(Raw data):
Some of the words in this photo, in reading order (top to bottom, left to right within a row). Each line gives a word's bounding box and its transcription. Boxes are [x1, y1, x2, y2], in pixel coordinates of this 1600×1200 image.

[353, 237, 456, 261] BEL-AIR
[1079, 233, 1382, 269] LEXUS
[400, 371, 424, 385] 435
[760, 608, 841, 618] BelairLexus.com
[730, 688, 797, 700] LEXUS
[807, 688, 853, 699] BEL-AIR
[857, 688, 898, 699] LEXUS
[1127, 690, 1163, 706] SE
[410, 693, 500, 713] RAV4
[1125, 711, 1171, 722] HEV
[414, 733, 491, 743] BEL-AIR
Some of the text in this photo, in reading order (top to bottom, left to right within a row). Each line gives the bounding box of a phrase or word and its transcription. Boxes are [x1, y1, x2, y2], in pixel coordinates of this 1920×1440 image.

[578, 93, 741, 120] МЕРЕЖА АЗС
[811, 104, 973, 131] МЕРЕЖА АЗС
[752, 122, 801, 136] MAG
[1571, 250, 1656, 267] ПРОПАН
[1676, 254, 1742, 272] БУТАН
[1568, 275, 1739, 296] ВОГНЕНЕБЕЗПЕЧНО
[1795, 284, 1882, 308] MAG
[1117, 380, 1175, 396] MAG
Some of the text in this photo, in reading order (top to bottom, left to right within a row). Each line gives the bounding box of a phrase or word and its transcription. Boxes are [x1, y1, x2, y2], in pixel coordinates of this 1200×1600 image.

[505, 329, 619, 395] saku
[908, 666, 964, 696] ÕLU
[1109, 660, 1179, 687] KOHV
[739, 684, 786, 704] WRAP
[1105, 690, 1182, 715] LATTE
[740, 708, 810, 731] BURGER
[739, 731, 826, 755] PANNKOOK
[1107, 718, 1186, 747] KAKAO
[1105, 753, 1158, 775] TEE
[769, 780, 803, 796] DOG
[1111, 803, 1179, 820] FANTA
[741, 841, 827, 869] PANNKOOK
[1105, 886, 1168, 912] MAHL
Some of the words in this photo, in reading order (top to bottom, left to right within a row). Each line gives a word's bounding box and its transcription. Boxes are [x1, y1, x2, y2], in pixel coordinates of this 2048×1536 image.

(Task objective): Each line of the data is to be transcribed exactly, with nothing left out.

(Response box):
Some of the words in this photo, in reading order (top to bottom, left to right within a row). Each line gives a word's bounding box and its transcription. Boxes are [x1, y1, x2, y2], in pixel coordinates of this 1600×1200 image.

[353, 237, 456, 261] BEL-AIR
[1079, 233, 1382, 269] LEXUS
[400, 371, 424, 385] 435
[760, 608, 841, 618] BelairLexus.com
[730, 688, 797, 700] LEXUS
[807, 688, 853, 699] BEL-AIR
[857, 688, 898, 699] LEXUS
[1127, 690, 1163, 706] SE
[410, 693, 500, 713] RAV4
[1125, 711, 1171, 722] HEV
[414, 733, 491, 743] BEL-AIR
Some of the text in this photo, in reading order (top to bottom, left to right within a row). Each line gives the bounding box of a phrase or word and its transcription. Boxes are [x1, y1, x2, y2], in pixel coordinates of this 1920×1440 image.

[578, 93, 741, 120] МЕРЕЖА АЗС
[811, 104, 973, 131] МЕРЕЖА АЗС
[752, 122, 801, 136] MAG
[1571, 250, 1656, 267] ПРОПАН
[1676, 254, 1742, 272] БУТАН
[1568, 275, 1739, 296] ВОГНЕНЕБЕЗПЕЧНО
[1795, 284, 1882, 308] MAG
[1117, 380, 1175, 396] MAG
Some of the text in this photo, in reading order (top to bottom, left to right within a row). Each line gives the bounding box of a phrase or word and its transcription. Boxes are [x1, y1, x2, y2], in pixel coordinates of this 1200×1600 image.

[505, 329, 619, 395] saku
[908, 666, 964, 696] ÕLU
[1109, 660, 1179, 687] KOHV
[739, 684, 786, 704] WRAP
[1105, 690, 1182, 715] LATTE
[740, 708, 810, 731] BURGER
[739, 731, 826, 755] PANNKOOK
[1107, 718, 1186, 747] KAKAO
[1105, 753, 1158, 775] TEE
[769, 780, 803, 796] DOG
[1111, 803, 1179, 820] FANTA
[741, 841, 827, 869] PANNKOOK
[1105, 886, 1168, 912] MAHL
Some of the words in this photo, in reading order (top to bottom, left to right within a row). Each line gives a word's bounding box and its transcription. Boxes are [x1, y1, x2, y2], in pixel coordinates of this 2048×1536 image.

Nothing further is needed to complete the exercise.